Earley Laboratory (University of Alabama, USA). Prof. R. Earley.
Earley lab focuses on understanding fish behavior by integrating evolutionary biology, ecology, neurobiology, endocrinology, physiology and molecular biology. Prof. Earley is a specialist of the mangrove rivulus. He has set up the rearing of different strains of the species in the lab and has currently several publications on this species. He has all the facilities to carry out experiments on rivulus of different age, to measure life-history traits and he has developed the methodology to analyse waterborne hormones released from rivulus. Moreover, he is one of the world specialist in behavioral analysis in fish and rivulus, such as behavioral type variation. He developed expertise for physiological analysis such as respiration, and for molecular biology since he participates to the rivulus genome sequencing project.
Klerks Laboratory (University of Louisiana Lafayette, USA) – Pr. P. Klerks
Long-term effects of environmental contaminants and other stressors on natural aquatic ecosystems.
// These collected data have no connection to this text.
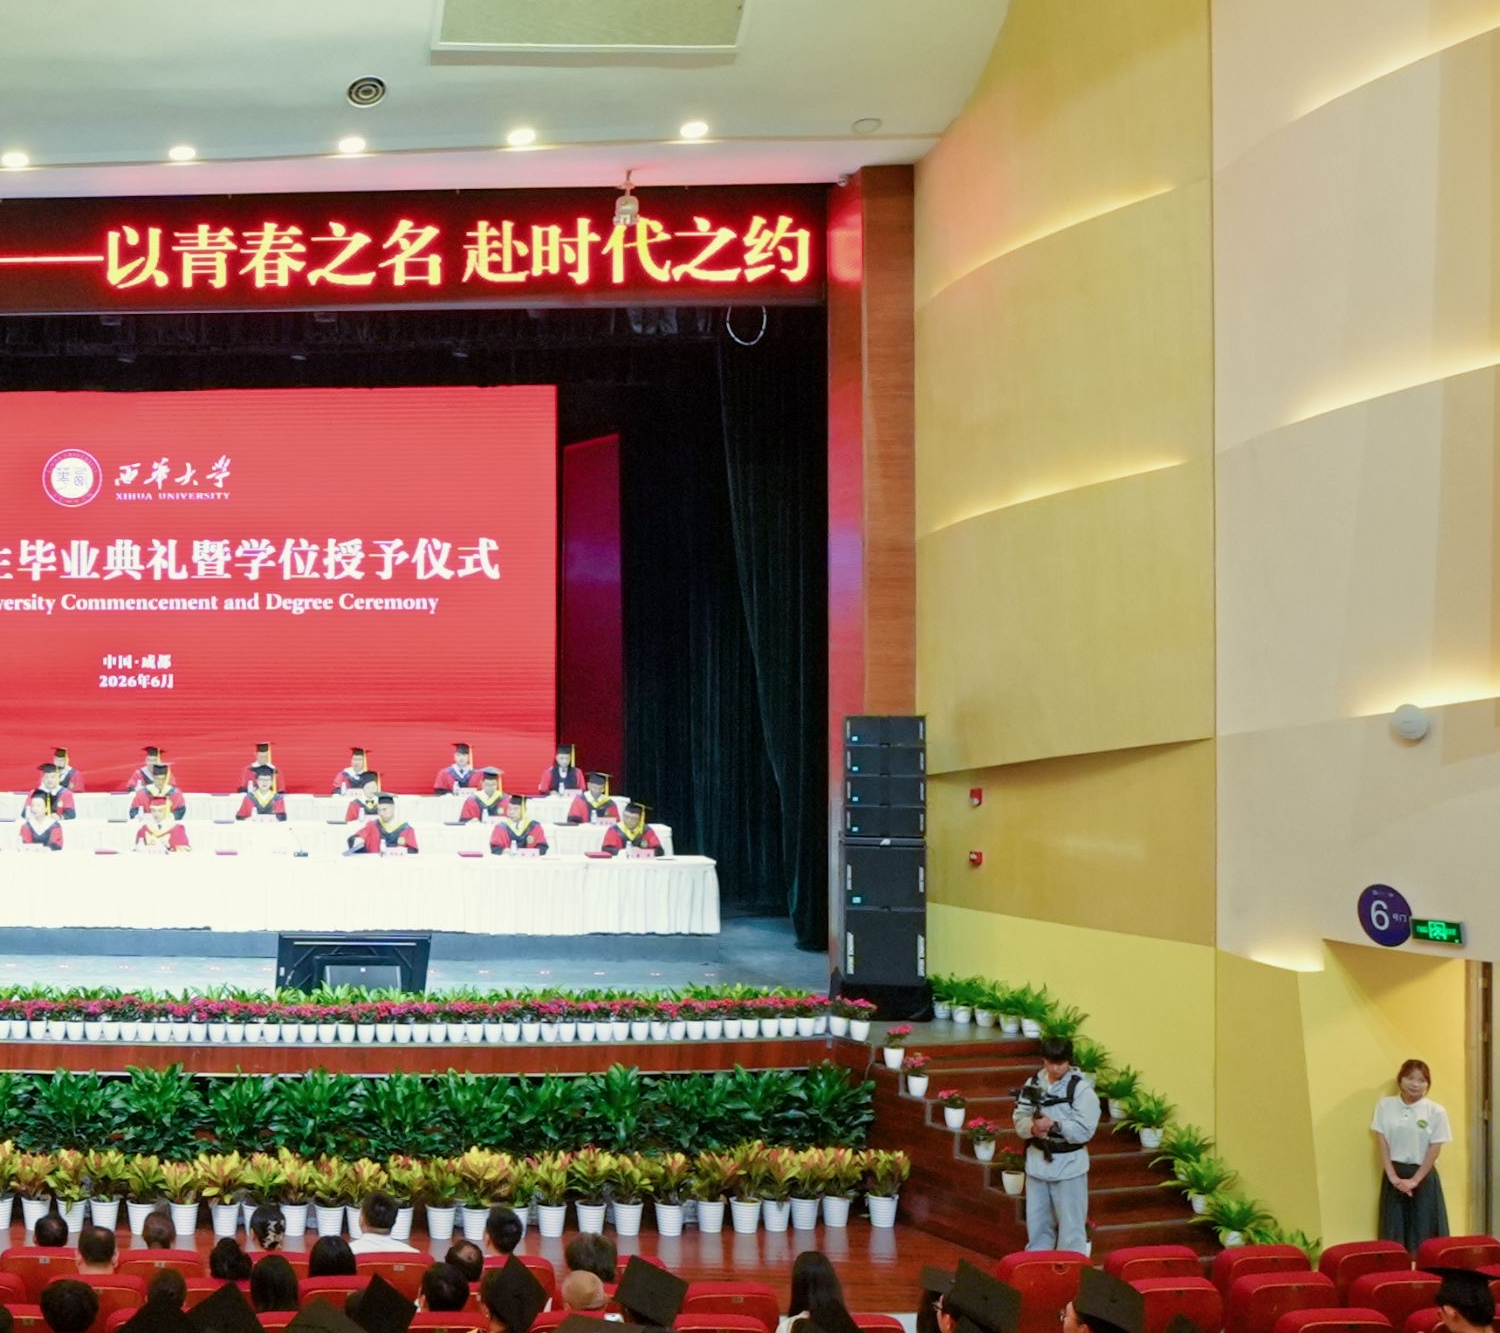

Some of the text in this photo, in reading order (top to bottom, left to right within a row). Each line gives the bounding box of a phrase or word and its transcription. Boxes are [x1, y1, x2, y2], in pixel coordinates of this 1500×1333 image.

[462, 214, 811, 285] 赴时代之约
[113, 454, 231, 490] 西华大学
[115, 491, 231, 501] XIHUA UNIVERSITY
[61, 593, 218, 611] Commencement
[223, 593, 260, 611] and
[265, 593, 334, 615] Degree
[339, 593, 439, 615] Ceremony
[99, 673, 174, 689] 2026年6月
- The development of resistance to environmental stressors in aquatic organisms.
- Consequences (physiological, fitness, genetic variation) of adaptation to environmental stressors.
- The potential for natural populations to adapt to global warming.
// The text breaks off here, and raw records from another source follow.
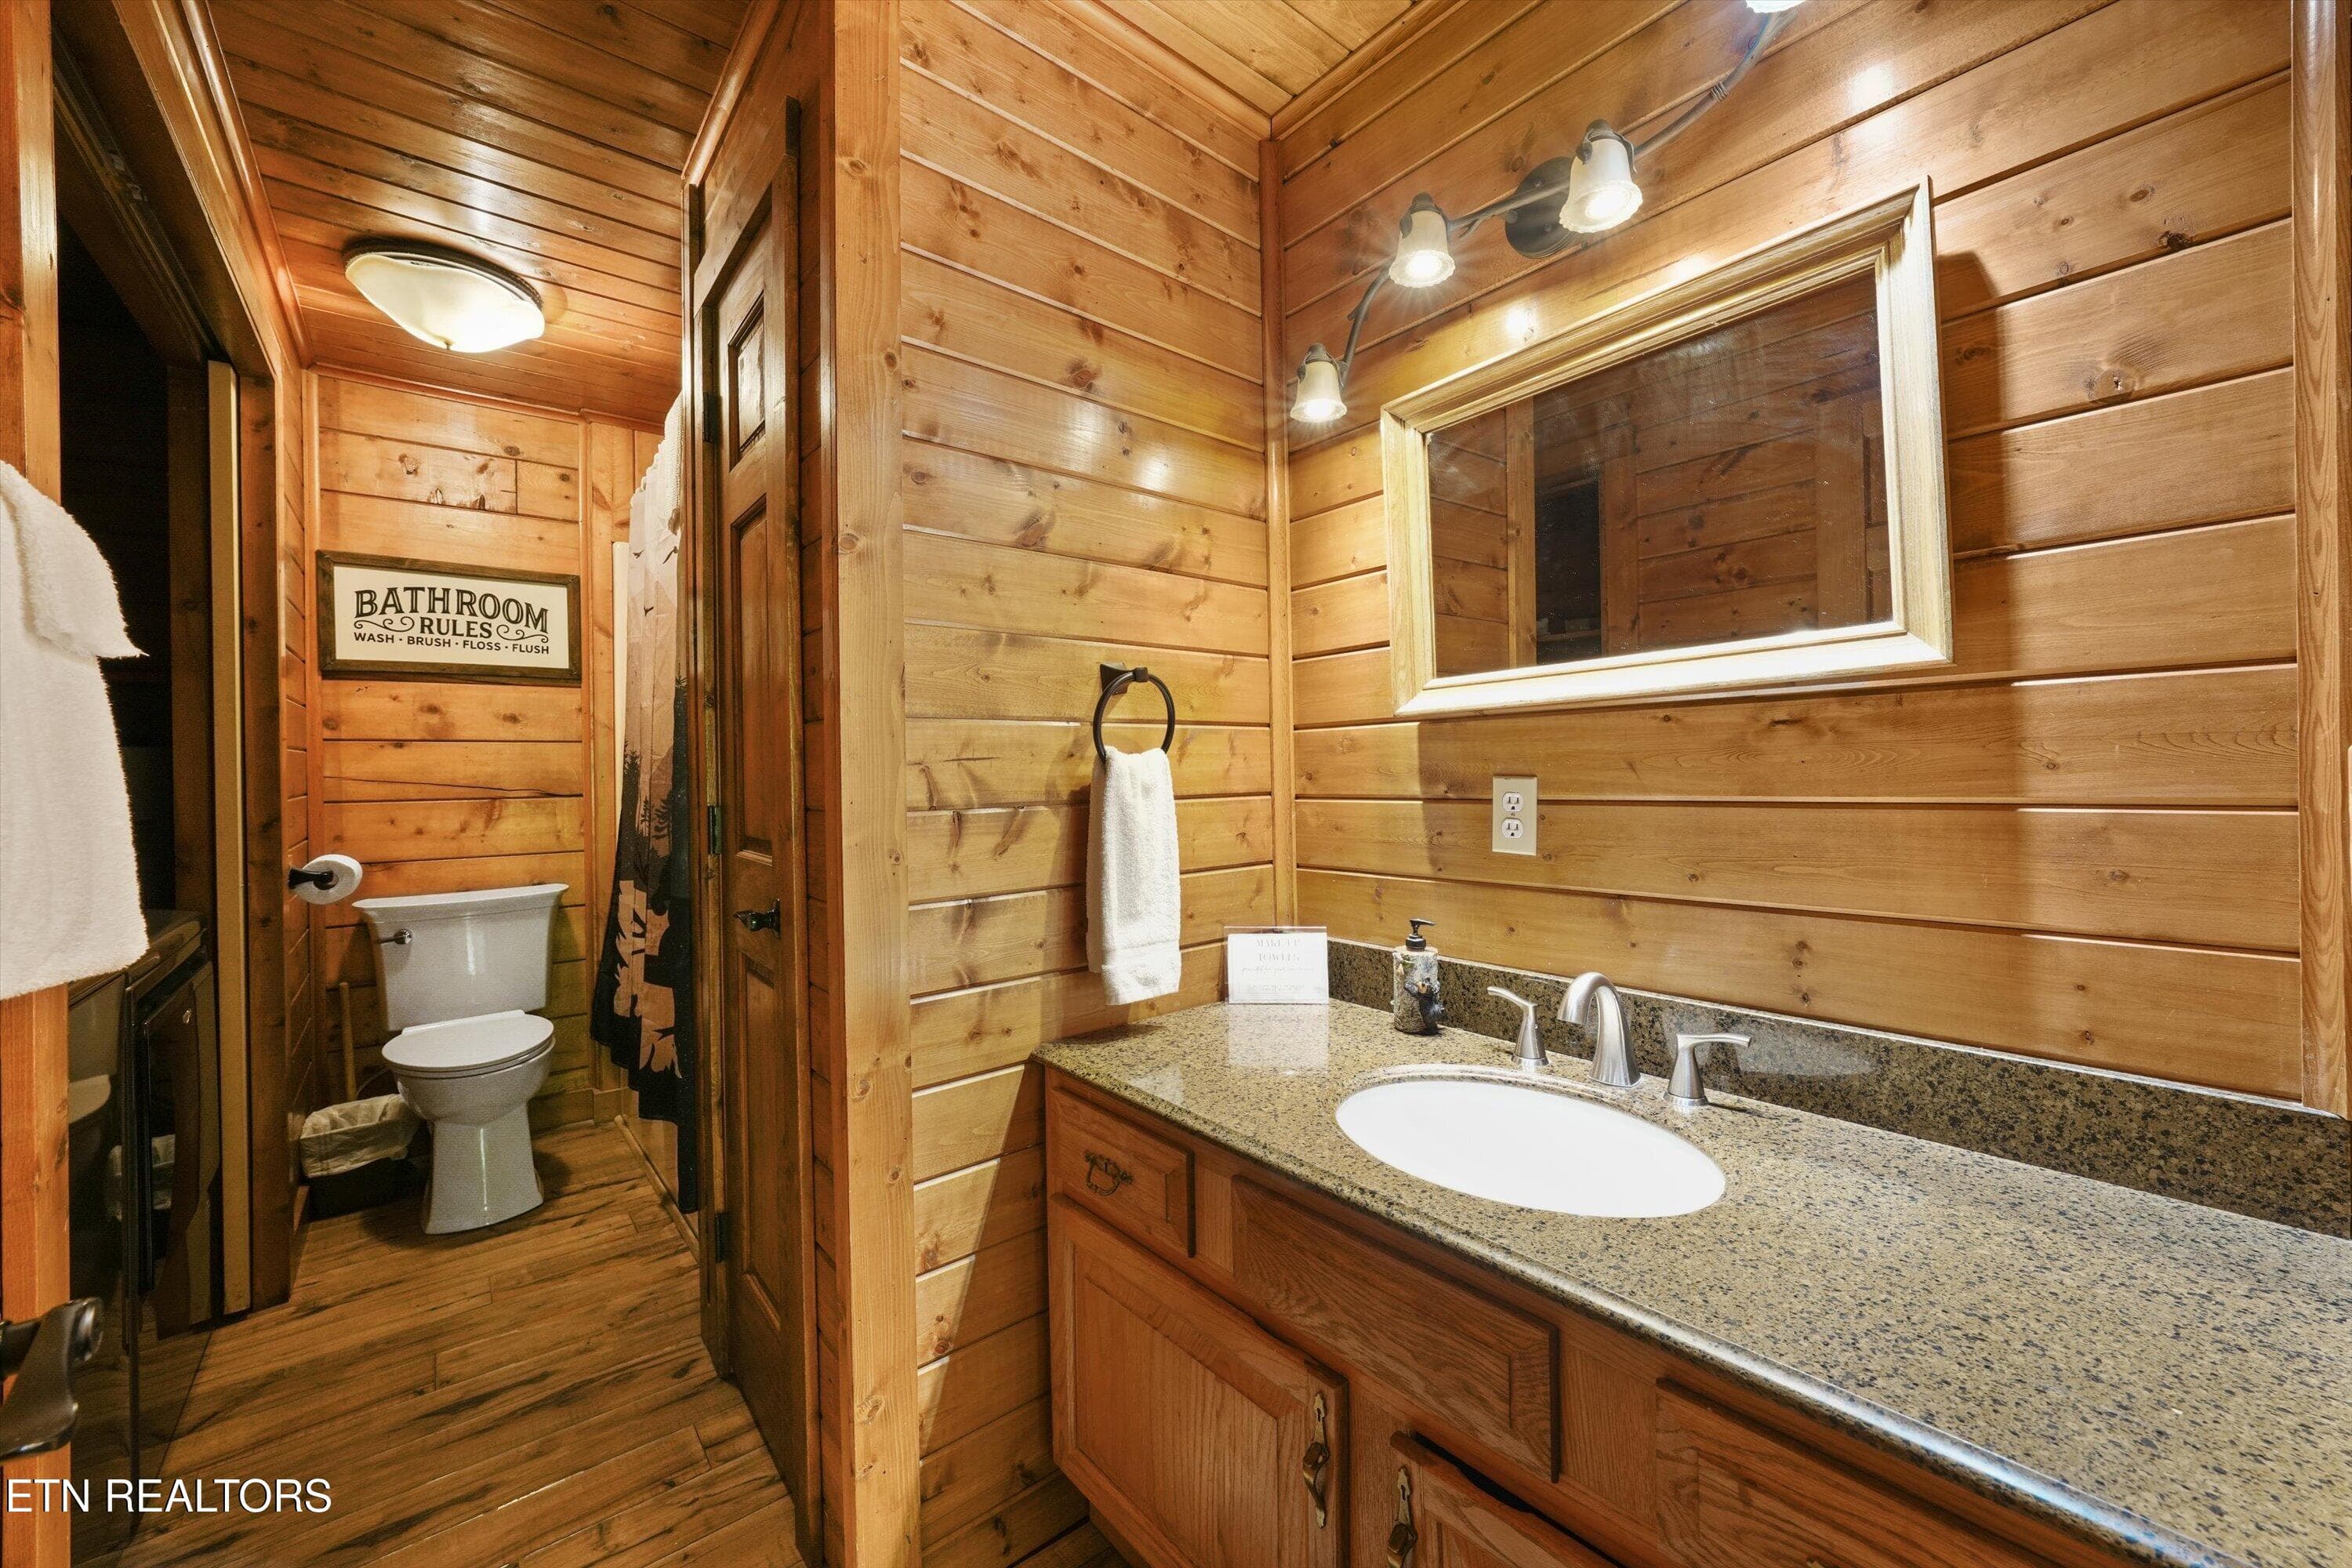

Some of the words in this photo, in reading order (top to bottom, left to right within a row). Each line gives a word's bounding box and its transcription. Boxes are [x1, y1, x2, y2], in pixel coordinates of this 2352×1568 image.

[354, 586, 549, 633] BATHROOM
[419, 617, 492, 639] RULES
[354, 632, 394, 644] WASH
[407, 636, 451, 648] BRUSH
[463, 640, 501, 652] FLOSS
[513, 644, 549, 655] FLUSH
- The effect of exotic species in their new habitat, specifically their effect on the environmental fate of contaminants
- The interplay between benthic organisms and the behavior of environmental contaminants.
Division of Health Science (University of Otago, New-Zealand) – Dr. A. Chatterjee
Epigenetic events in disease and phenotype
- Documenting epigenetic alterations (DNA methylation and miRNA) in cancer progression (primary to metastasis) and testing the functional consequences of these changes in the laboratory ; continue to develop tools and statistical methods for accurate analysis of epigenomic datasets from next generation sequencing technologies (NGS) ; Profiling inter-individual epigenetic variation in humans ; Using zebrafish as a model to understand the role of DNA methylation in development and altered phenotype when exposed to environmental cue.
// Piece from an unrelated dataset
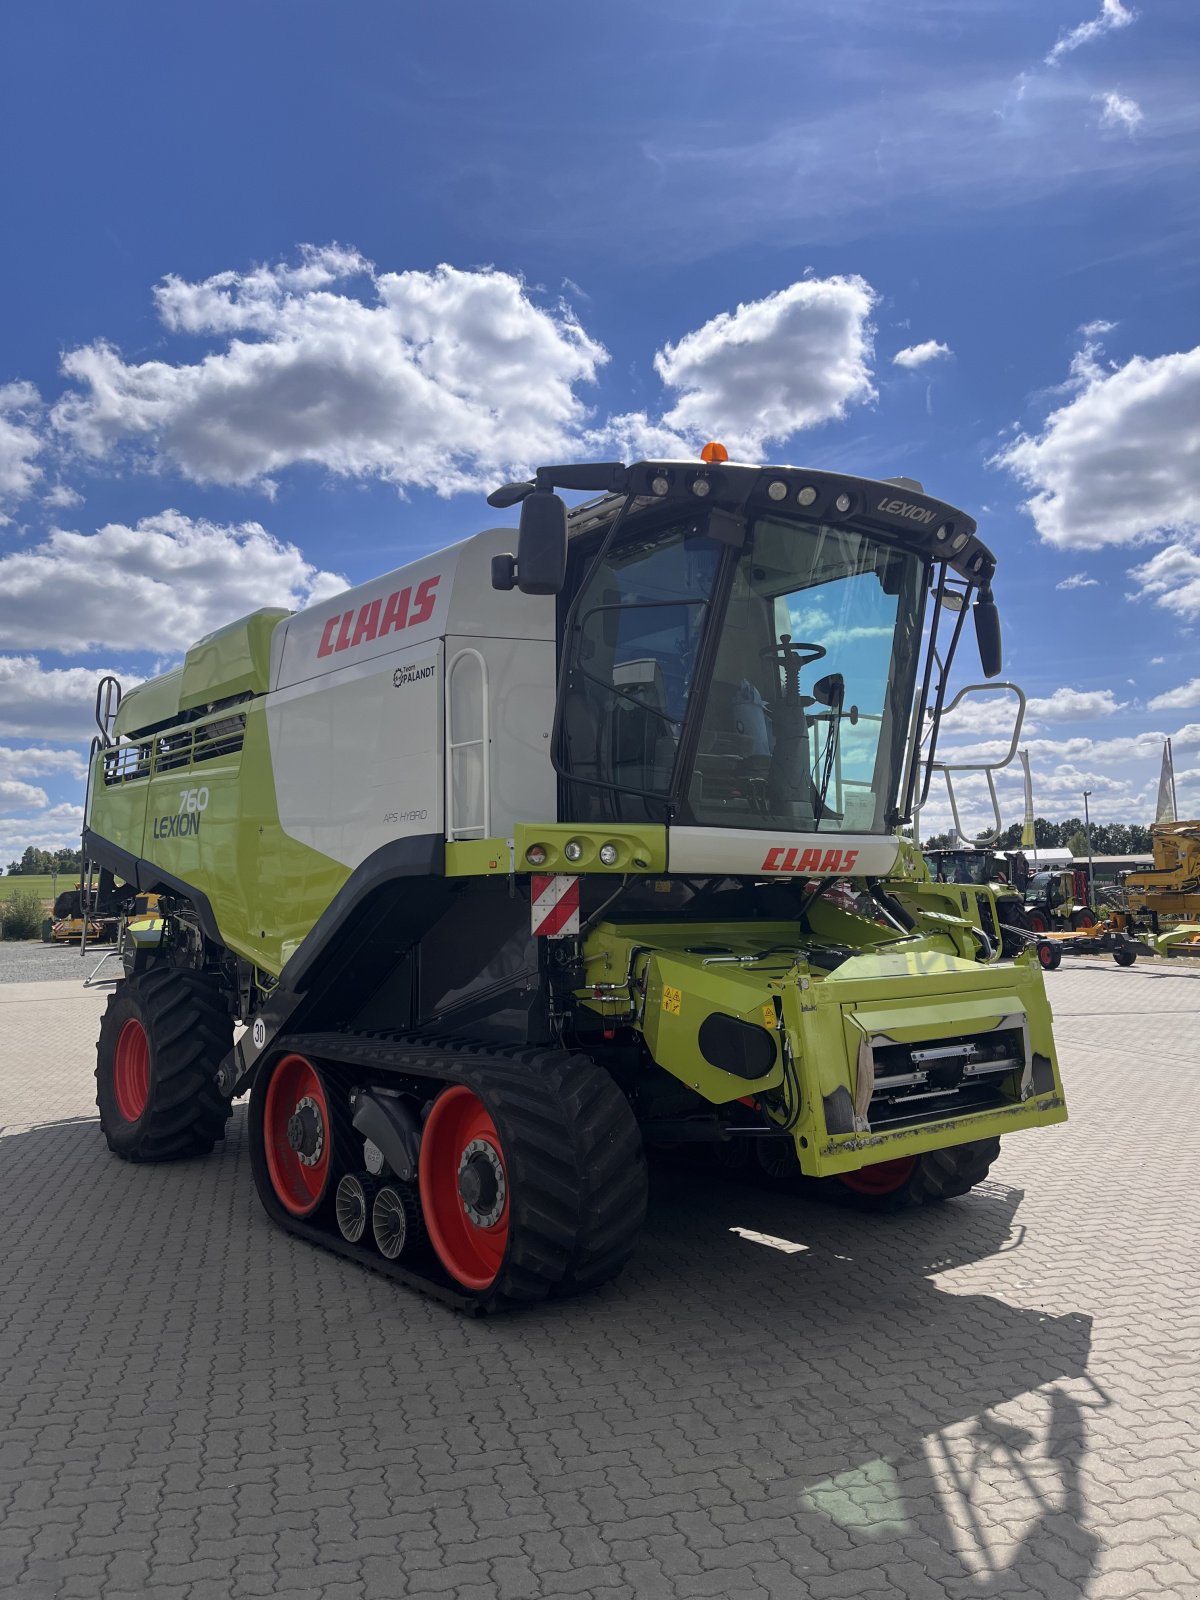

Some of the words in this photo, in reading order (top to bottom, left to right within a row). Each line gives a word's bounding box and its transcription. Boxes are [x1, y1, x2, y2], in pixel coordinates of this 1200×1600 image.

Sih laboratory (University of California Davis, USA). Prof. A. Sih.
Behavioral syndrome, behavioral responses to HIREC, antipredator behavior in human-altered environments, invasion ecology, predator-prey space use as an interactive game, parasites.
Ecophysiological adaptations of aquatic animals during ontogenesis (AEO) (ECOSYM, University of Montpellier, France). Prof. J.-H. Lignot and Prof. G. Parmentier.
Le trait fonctionnel étudié en priorité est l’adaptation à la salinité via l’osmorégulation. Les interrelations avec la nutrition sont envisagées. Les mécanismes d’adaptation et l’impact qu’ont sur eux les contaminants abiotiques sont étudiés dans une approche intégrative d’écophysiologie et d’écotoxicologie, particulièrement durant les stades ontogénétiques jeunes.